Now there are 2-3 things that make $APM more appealing than $MMS:
Generally, its Australian stores have a better rating than Maximus'
Linked to the better ratings, $APM has experienced higher case load growth
It is trading on a much smaller multiple (9x vs. 18x Forward NPAT)
Conclusion:
Valuation today is great: the earnings multiple for $APM is optically low at 9x forward earnings. Furthermore, it is a better business than a typical recruiter (e.g. Hays or indeed $PPE) and no it does not make sense for it to be trading a half the multiple of $MMS. However, I would attribute these multiple differences as follows: Yes if I were a short-term trader (& considered Megan Wynne's buying as a signal); there is a case to buy here.

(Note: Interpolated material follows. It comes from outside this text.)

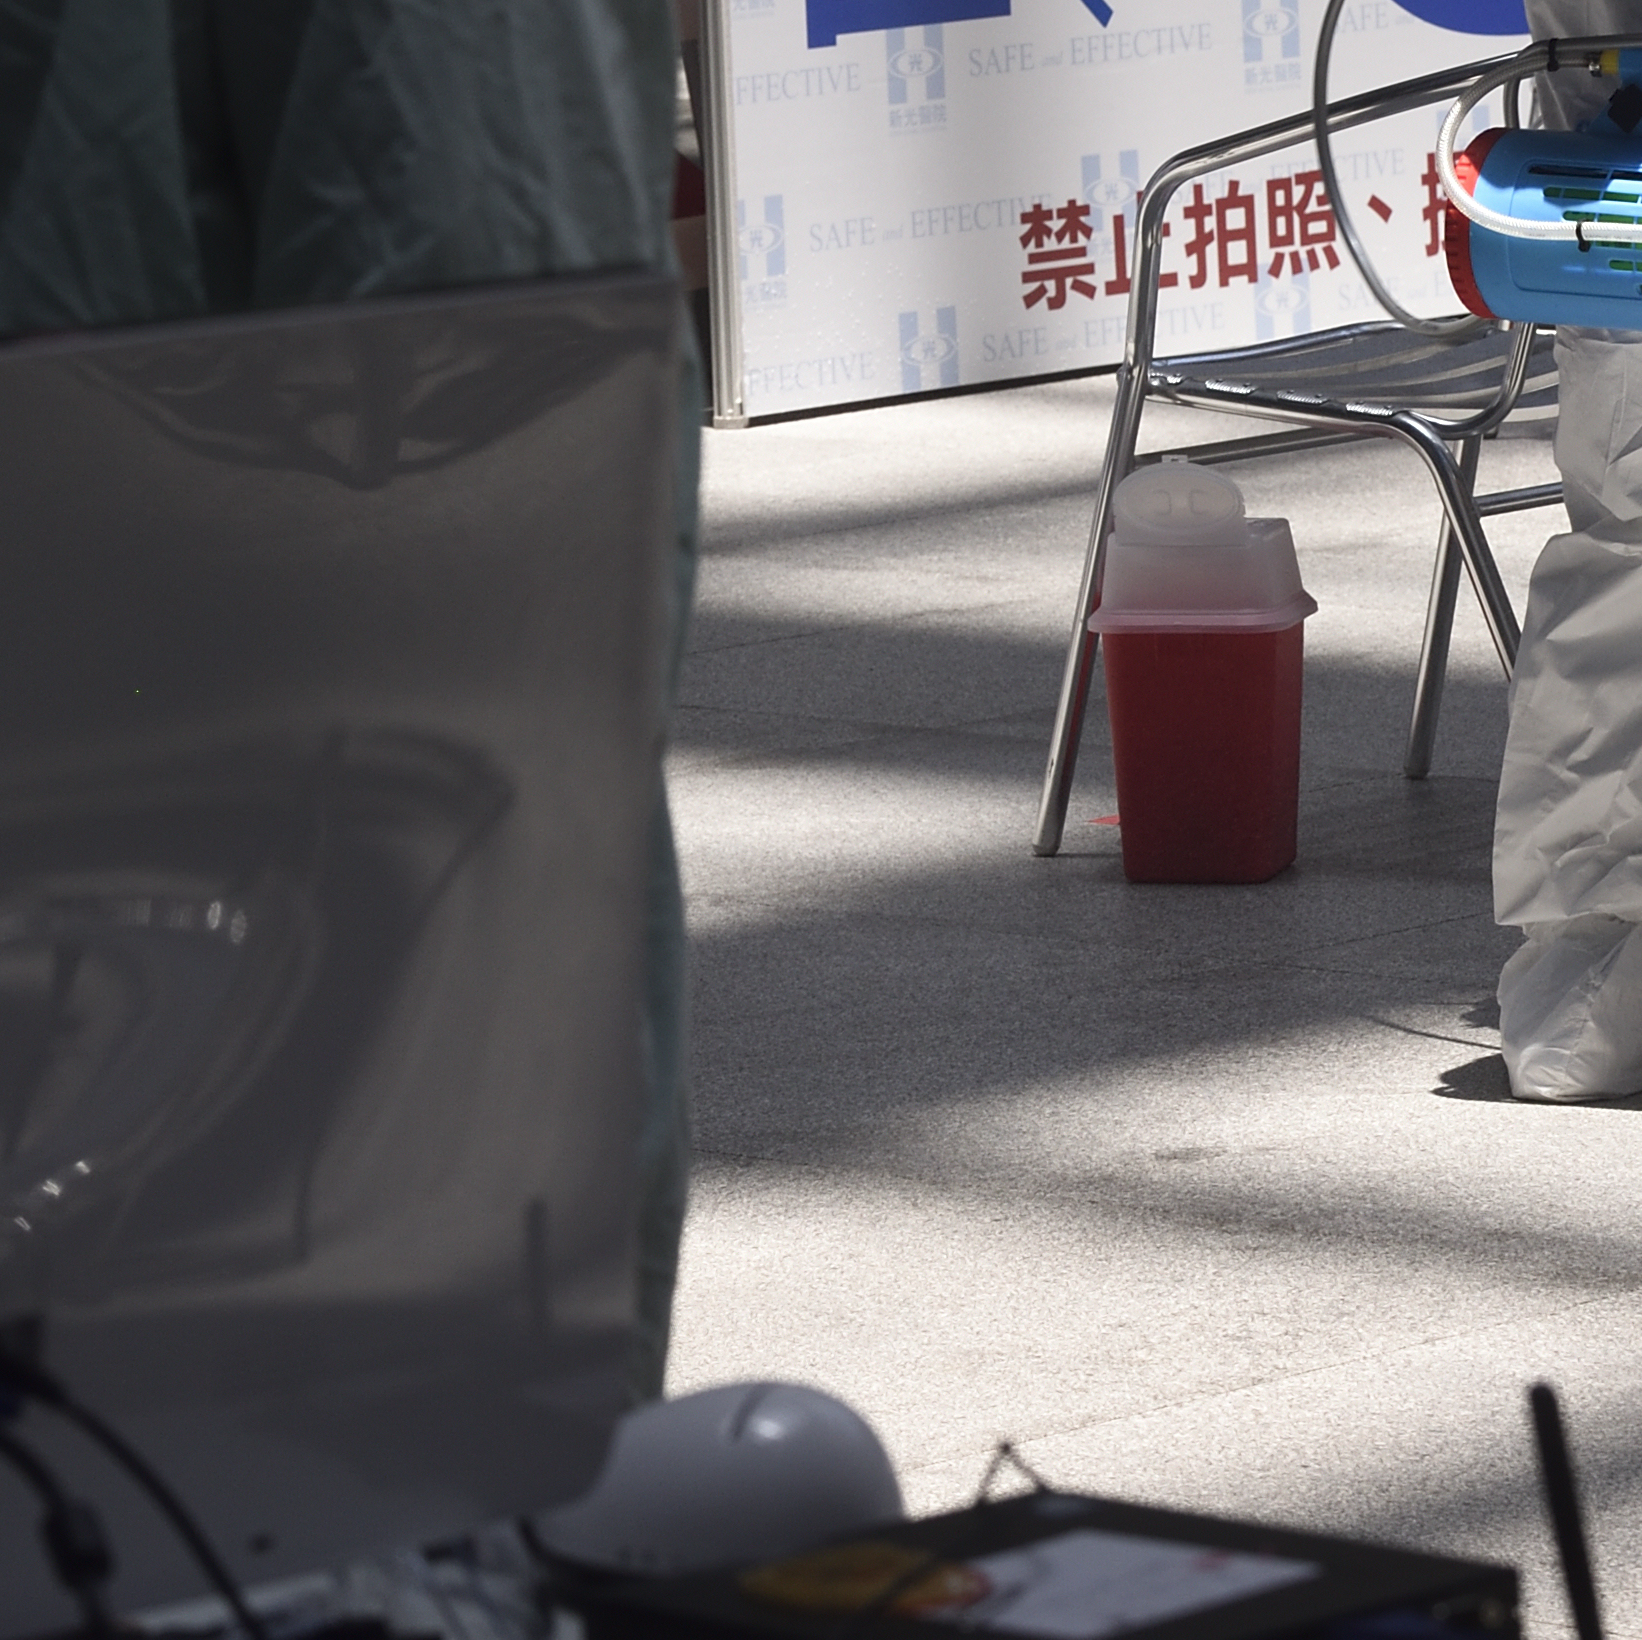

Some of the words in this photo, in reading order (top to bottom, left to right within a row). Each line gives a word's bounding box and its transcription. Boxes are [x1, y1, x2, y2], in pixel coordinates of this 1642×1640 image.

70% of this is due to the business over-earning (US Margin/NDIS Glut)
30% upside to a short-term trader
Prospects longer term are less great: I do not want to buy the dip here because
I do not know the longer-term prospects of Equus yet and it was an important deal ($250m acquisition for $700m company)
$MMS (Maximus) has performed only mildly well over a 5yr time frame (and indeed the longer term) and I consider this the only true global comparable
Fundraise is not a given but debt limits options: The level of debt which $APM is an issue for me. Not because they cannot service it but more because they have no M&A optionality without doing a fundraiser
Overall, I think a short-term trader could make money out of multiple reversion. I do not think it is right for longer-term investors given structurally this industry is clumpy & requires roll-ups. $MMS their only true comparable has mixed longer-term success, Equus' success is not yet known and debt levels provide limited optionality.